#### Records supplied:
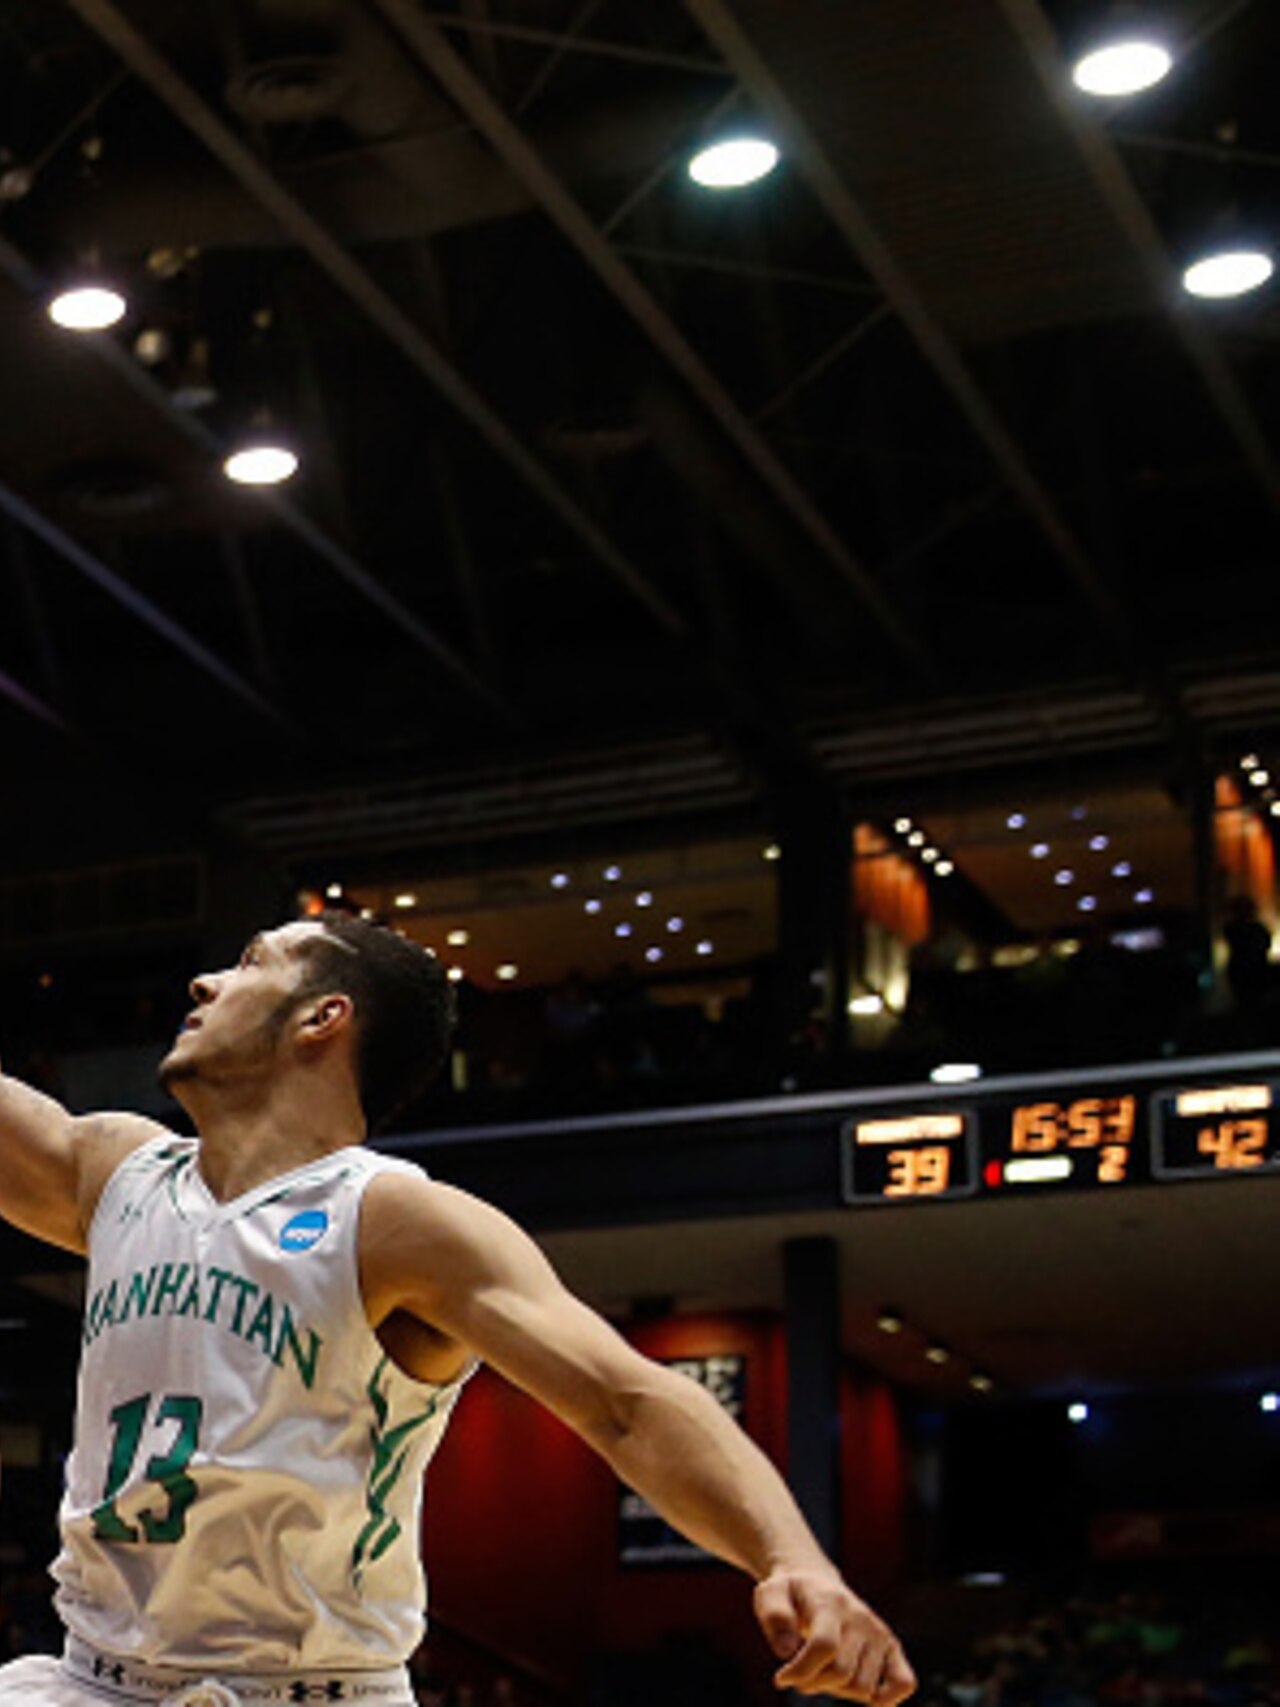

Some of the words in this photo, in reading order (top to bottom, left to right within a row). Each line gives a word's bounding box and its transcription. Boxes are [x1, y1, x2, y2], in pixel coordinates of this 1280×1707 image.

[1197, 1117, 1269, 1169] 42
[883, 1145, 950, 1198] 39
[90, 1392, 204, 1544] 13
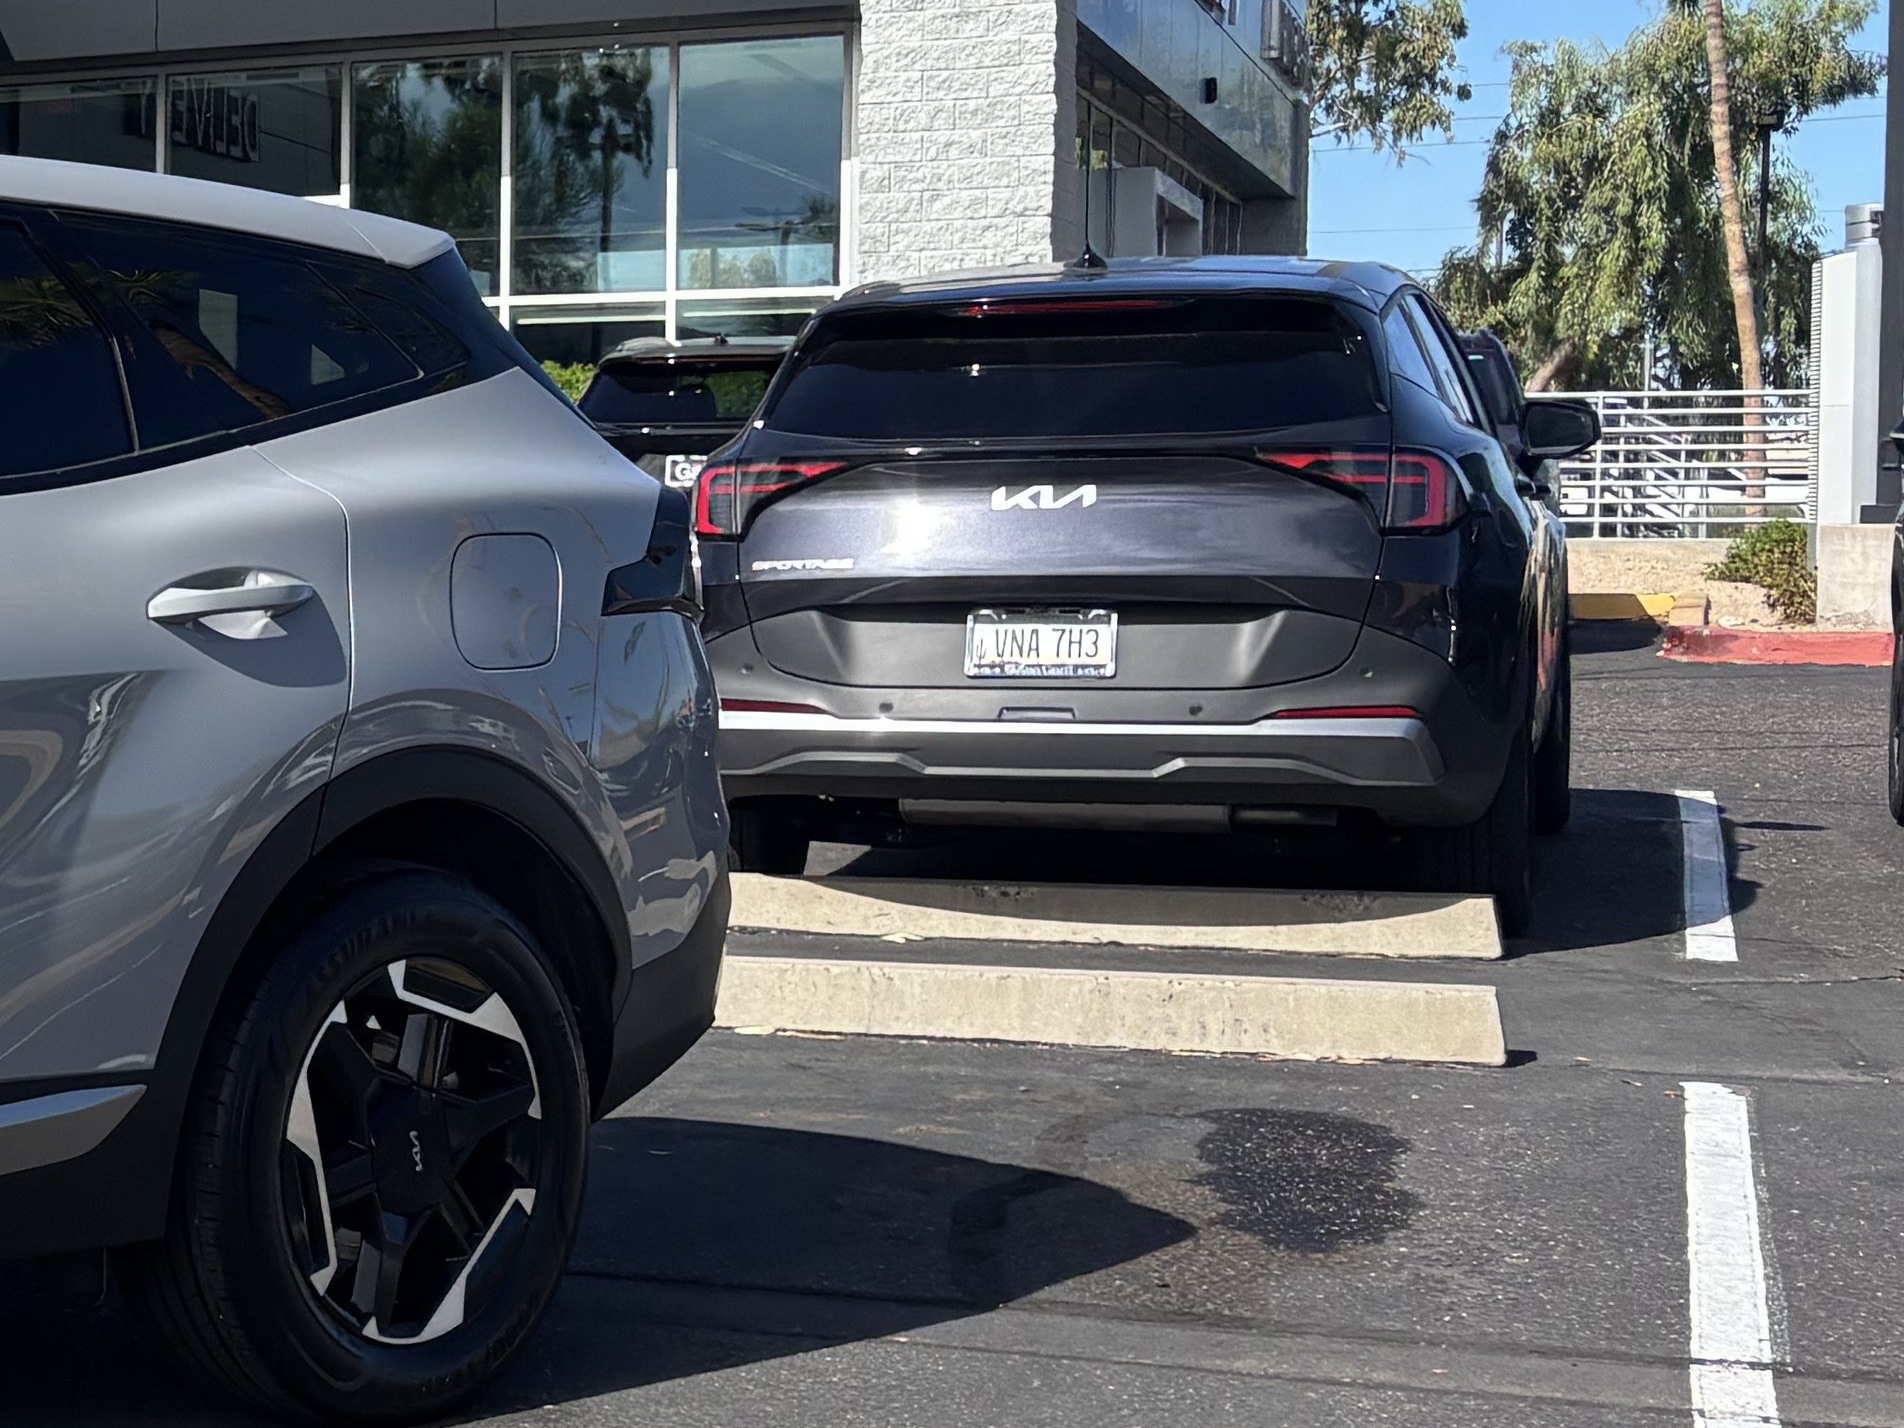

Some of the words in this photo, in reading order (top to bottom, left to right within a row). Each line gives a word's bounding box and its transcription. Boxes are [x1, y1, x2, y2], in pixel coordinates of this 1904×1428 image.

[991, 484, 1097, 510] KIA
[995, 628, 1040, 659] VNA
[1052, 628, 1099, 659] 7H3
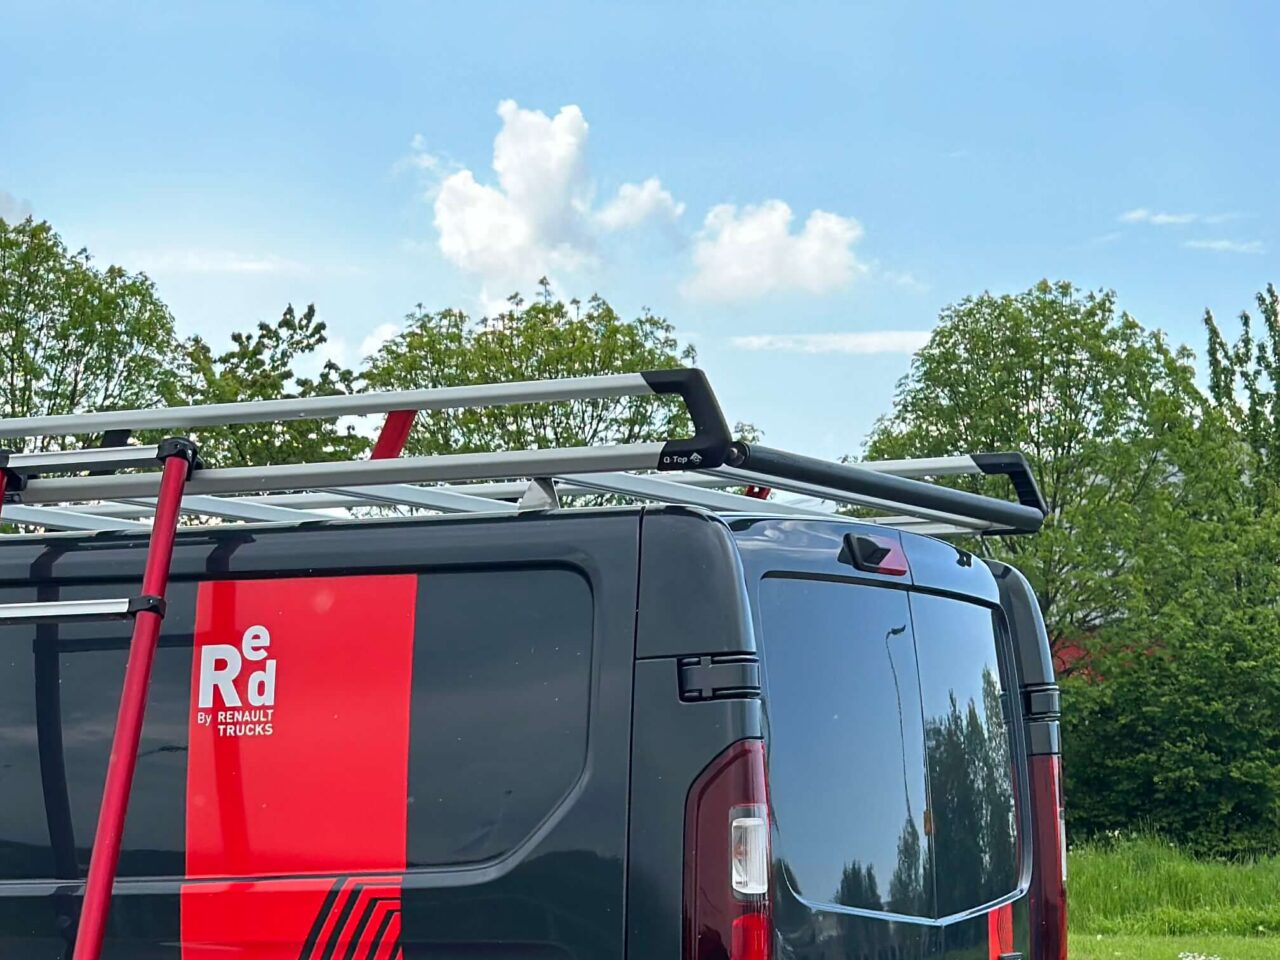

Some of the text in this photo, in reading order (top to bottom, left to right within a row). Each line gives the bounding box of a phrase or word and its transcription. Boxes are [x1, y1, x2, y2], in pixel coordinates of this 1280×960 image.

[198, 625, 277, 708] Red
[197, 709, 275, 726] By RENAULT
[217, 724, 274, 737] TRUCKS

#### Exercise goal:
Take the line with "this 1904×1428 image." and each line after it through the end of the material above, and reproduce them exactly, both ends included, without pictures.

#### Task answer:
Some of the words in this photo, in reading order (top to bottom, left to right within a row). Each line gives a word's bounding box and its transcription. Boxes are [x1, y1, x2, y2], in pixel coordinates of this 1904×1428 image.

[991, 484, 1097, 510] KIA
[995, 628, 1040, 659] VNA
[1052, 628, 1099, 659] 7H3

Some of the text in this photo, in reading order (top to bottom, left to right within a row). Each line gives the bounding box of a phrase or word and its transcription. Boxes are [x1, y1, x2, y2], in pixel coordinates of this 1280×960 image.

[198, 625, 277, 708] Red
[197, 709, 275, 726] By RENAULT
[217, 724, 274, 737] TRUCKS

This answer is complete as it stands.